He starts to walk away, then turns back. There’s something in his face that looks like the version of Jihun he might become if he keeps living like this—if he keeps choosing silence and burning and the slow accumulation of secrets that poison everything they touch.

“Listen to the voicemail,” he says. “Not because I want you to. Because Jihun needs you to. Because he’s been trying to tell you something and he doesn’t have the words, and the only way he knows how to communicate is to leave you objects that carry meaning. Keys. Motorcycles. Warm ledgers. He’s been writing you a letter in the language of things because he’s never learned how to write one in words.”

By 8:47 AM, Sohyun is standing in the middle of the mandarin grove’s burned-out frame. The trees are skeletal—blackened trunks reaching toward the sky like the broken fingers of hands asking for something that will never come. The soil is ash. The greenhouse is gone. And Jihun is sitting on the lowest surviving branch of what used to be the oldest tree, his hands wrapped around his knees, his shoulders curved inward in the posture of someone who’s been waiting for a very long time.

“Did he tell you?” he asks without looking up.

“Yes,” she says.

“Are you going to leave?”

Sohyun pulls out her phone. The voicemail is still there. 3:42 duration. She presses play without answering his question, because the answer is in the listening, and she’s finally ready to hear what he’s been trying to say.

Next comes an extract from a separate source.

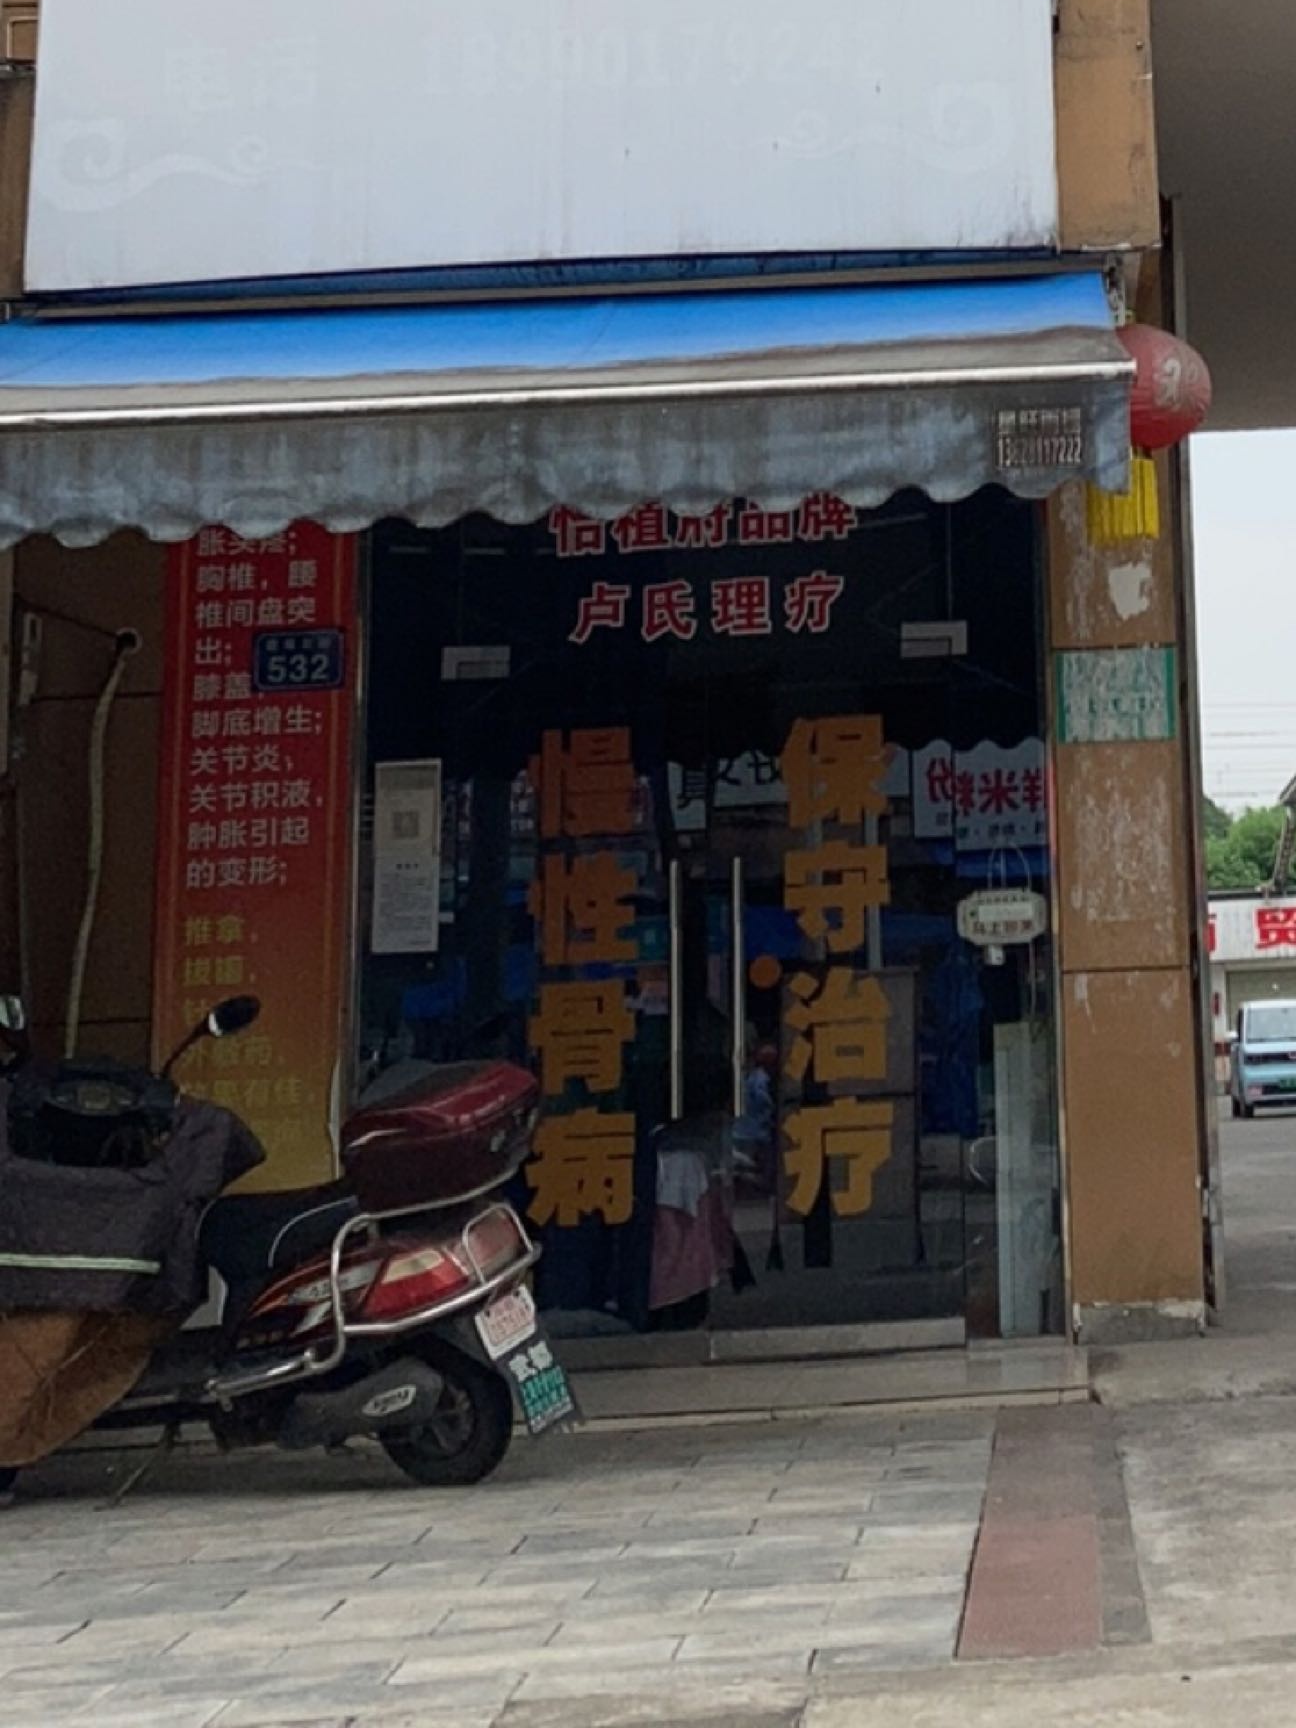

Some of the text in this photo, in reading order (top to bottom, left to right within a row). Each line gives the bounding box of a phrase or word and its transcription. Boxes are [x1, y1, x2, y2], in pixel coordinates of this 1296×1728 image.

His father’s voice fills the space between them—the burned grove, the ash, the broken trees, the two of them standing in the ruins of a secret that’s been burning for thirty-seven years. And in that voice, in those 3:42 minutes of careful, broken confession, Sohyun understands something that no one has ever told her in words but that her grandfather understood, that Jihun understands, that his father is finally saying out loud:

Some people are worth remembering. Some people deserve to be real, even if it costs you everything.

And Jihun is watching her listen, watching her face as she hears his father’s voice breaking on the name—Min-ji, her name was Min-ji—and he’s finally, finally stopped waiting for her to leave, because he can see in the way her hands grip the phone that she’s not going anywhere.

She’s going to stay.

# The Listening

The greenhouse is gone.

Sohyun knows this before she sees it. She can smell it in the air—that particular stench of charred wood and melted plastic, of soil that’s been scorched past the point of ever nurturing anything again. The smell reaches her halfway down the path, and she stops walking, her feet suddenly uncertain on the gravel.

But she keeps going.

The clearing opens up before her like a mouth mid-scream, and what she sees is worse than she imagined. The greenhouse isn’t just damaged—it’s obliterated. The metal frame twisted into shapes that look almost intentional, as if someone had bent them with fury rather than accident. The glass is everywhere, scattered across the blackened earth like teeth. And the plants—God, the plants. Jihun’s entire world, reduced to ash and unrecognizable char.

Behind the wreckage, the grove looks wounded. Several of the oldest trees are burned down to skeletal trunks, their branches reaching upward like desperate hands. But one tree—the oldest one, the one that must be at least seventy or eighty years old—still stands. Barely. It’s listing to one side, half of it consumed, but it stands.

And Jihun is sitting on its lowest surviving branch.

Sohyun sees him before he sees her. He’s small from this distance, folded into himself, his hands wrapped around his knees in a posture that breaks her heart because it’s the posture of someone who’s been waiting for a very long time. His shoulders are curved inward, his head bowed, and there’s something in the slope of his spine that suggests he’s been sitting here for hours. Maybe since last night. Maybe since the fire.

She doesn’t know how to walk toward him. There’s no path anymore—everything has been erased, flattened, made into something unrecognizable. So she just walks through the ash, trying not to think about what she’s stepping on, what’s clinging to her shoes, what she’ll never be able to unsee.

Jihun doesn’t move as she approaches. He doesn’t look up. But when she’s close enough that she can see the tremor in his hands, he speaks.

“Did he tell you?”

His voice is raw. She’s never heard him sound like this—not angry, not sad exactly, but hollowed out. Emptied.

“Yes,” she says.

She’s standing in front of him now, close enough to reach out and touch his shoulder, but she doesn’t. She’s not sure if she’s allowed to. She’s not sure if anything is allowed anymore.

“Are you going to leave?”

It’s such a simple question. Such a reasonable question. She understands why he’s asking. She understands that he needs to know if the revelation—if whatever his father told her—has changed everything. If she’s going to walk away from him like everyone else has.

Sohyun doesn’t answer him directly. Instead, she pulls out her phone.

The voicemail is still there. She’s listened to it three times already, but she needs to hear it again. She needs to hear it in front of Jihun. She needs to understand what it means in the context of this burned grove, this destroyed greenhouse, this boy who’s been waiting for her answer.

She presses play.

At first, there’s nothing but static. Then breathing. Then a voice that sounds so much like Jihun that Sohyun’s heart clenches—the same careful diction, the same slight rasp at the edges of certain words, the same way of pausing before saying something difficult.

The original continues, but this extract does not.